Les ficelles sont parfois un peu grosses (chez Eugène Labiche et Georges Feydeau aussi!) mais l’intrigue est solidement construite. Didier Caron dirige très bien Maiike Jansen, Laurence Pierre (méconnaissable quand elle revient en séductrice), Dany Laurent, que l’on a vue souvent chez Jacques Mauclair, et qui incarne de façon magistrale cette incroyable petite taupe à qui on aurait donné le bon Dieu sans confession!), Mamouna Guey et Gérard Maro, le seul homme de cette distribution féminine (ce qui est des plus rares dans les théâtres classique et contemporain, et fait toujours du bien).
Ils sont tous les cinq très justes, et donnent de leurs personnages une version crédible, sans criailleries et sans en faire des tonnes, si bien qu’on entre volontiers dans cette habile histoire de chantage qui nous surprend agréablement.
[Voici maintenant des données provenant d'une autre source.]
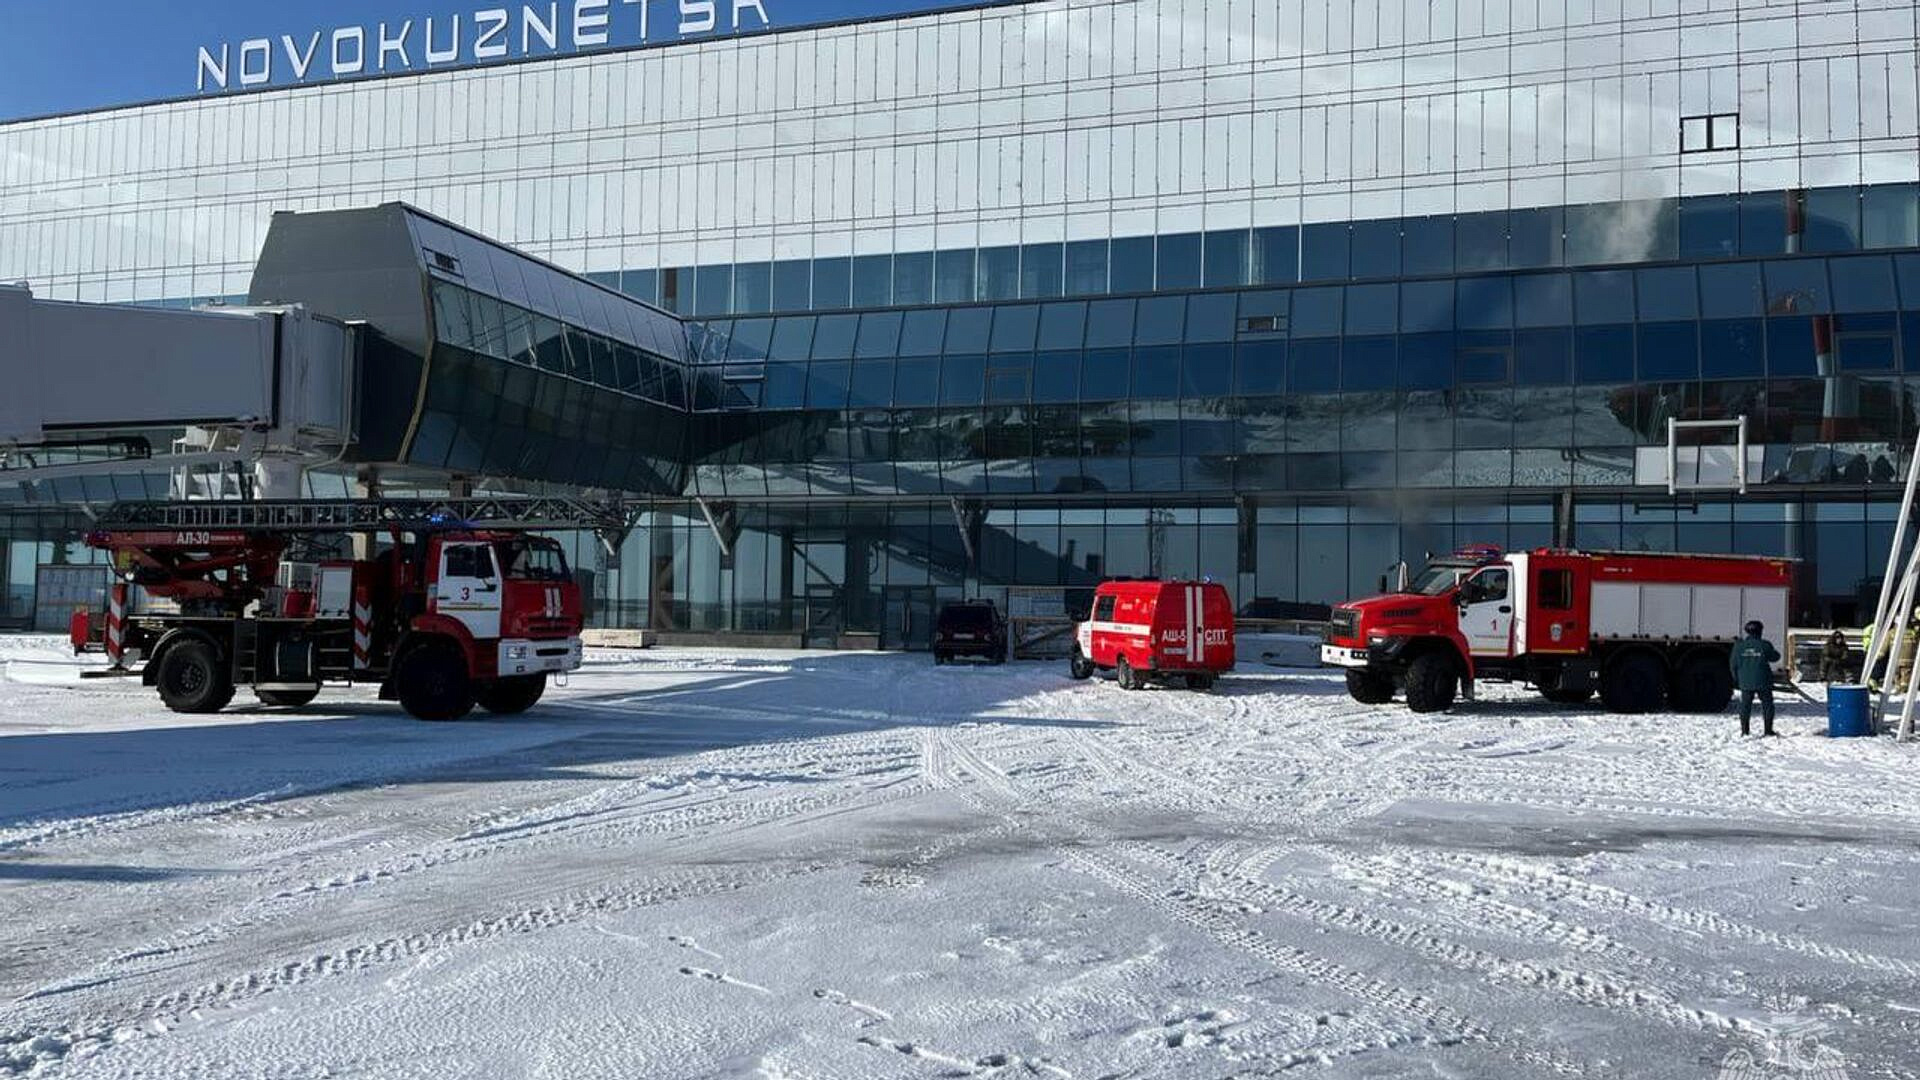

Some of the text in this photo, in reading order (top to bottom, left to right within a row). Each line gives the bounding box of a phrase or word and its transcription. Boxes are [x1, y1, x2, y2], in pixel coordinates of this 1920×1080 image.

Le chantage, sous différentes formes, est un vieux ressort du théâtre français, et même s’il y a quelques longueurs au début, on se laisse volontiers prendre, à condition de ne pas trop en demander, à cette histoire tragi-comique…
Comme nous le disait finement Robert Abirached qui fut longtemps aux côtés de Jack Lang quand il était ministre de la Culture, le théâtre privé, malgré de sérieux ennuis financiers, et qui reste cher donc peu accessible aux jeunes gens absents de cette salle, est en train de récupérer des parts de marché aux dépens du théâtre public… En redonnant, par exemple, leur place à des auteurs des années cinquante un peu oubliés comme Barillet et Grédy (toujours vivants) avec Fleur de cactus au Théâtre Antoine…
Philippe du Vignal
Théâtre Michel 38 rue des Mathurins Paris 8 ème.